* **WORK INSTRUCTION**
Here the requirement is to repeat every record exactly, in full.

Records contained in a dataset
*** Begin section ***

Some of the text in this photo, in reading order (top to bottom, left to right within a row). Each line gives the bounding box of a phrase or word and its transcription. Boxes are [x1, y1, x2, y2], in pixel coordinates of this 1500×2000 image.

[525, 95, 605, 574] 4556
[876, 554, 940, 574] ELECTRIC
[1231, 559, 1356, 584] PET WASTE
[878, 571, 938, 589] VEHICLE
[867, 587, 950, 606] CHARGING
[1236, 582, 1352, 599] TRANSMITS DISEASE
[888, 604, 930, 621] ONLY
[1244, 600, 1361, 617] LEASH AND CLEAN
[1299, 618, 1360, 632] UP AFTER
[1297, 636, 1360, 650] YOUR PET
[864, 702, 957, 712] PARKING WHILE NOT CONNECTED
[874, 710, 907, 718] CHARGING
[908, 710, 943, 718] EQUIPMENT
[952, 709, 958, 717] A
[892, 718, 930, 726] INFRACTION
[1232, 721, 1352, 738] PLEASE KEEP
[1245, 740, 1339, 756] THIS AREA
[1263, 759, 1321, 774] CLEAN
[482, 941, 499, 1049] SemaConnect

*** End section ***

* **ANSWER SECTION**
Some of the text in this photo, in reading order (top to bottom, left to right within a row). Each line gives the bounding box of a phrase or word and its transcription. Boxes are [x1, y1, x2, y2], in pixel coordinates of this 1500×2000 image.

[525, 95, 605, 574] 4556
[876, 554, 940, 574] ELECTRIC
[1231, 559, 1356, 584] PET WASTE
[878, 571, 938, 589] VEHICLE
[867, 587, 950, 606] CHARGING
[1236, 582, 1352, 599] TRANSMITS DISEASE
[888, 604, 930, 621] ONLY
[1244, 600, 1361, 617] LEASH AND CLEAN
[1299, 618, 1360, 632] UP AFTER
[1297, 636, 1360, 650] YOUR PET
[864, 702, 957, 712] PARKING WHILE NOT CONNECTED
[874, 710, 907, 718] CHARGING
[908, 710, 943, 718] EQUIPMENT
[952, 709, 958, 717] A
[892, 718, 930, 726] INFRACTION
[1232, 721, 1352, 738] PLEASE KEEP
[1245, 740, 1339, 756] THIS AREA
[1263, 759, 1321, 774] CLEAN
[482, 941, 499, 1049] SemaConnect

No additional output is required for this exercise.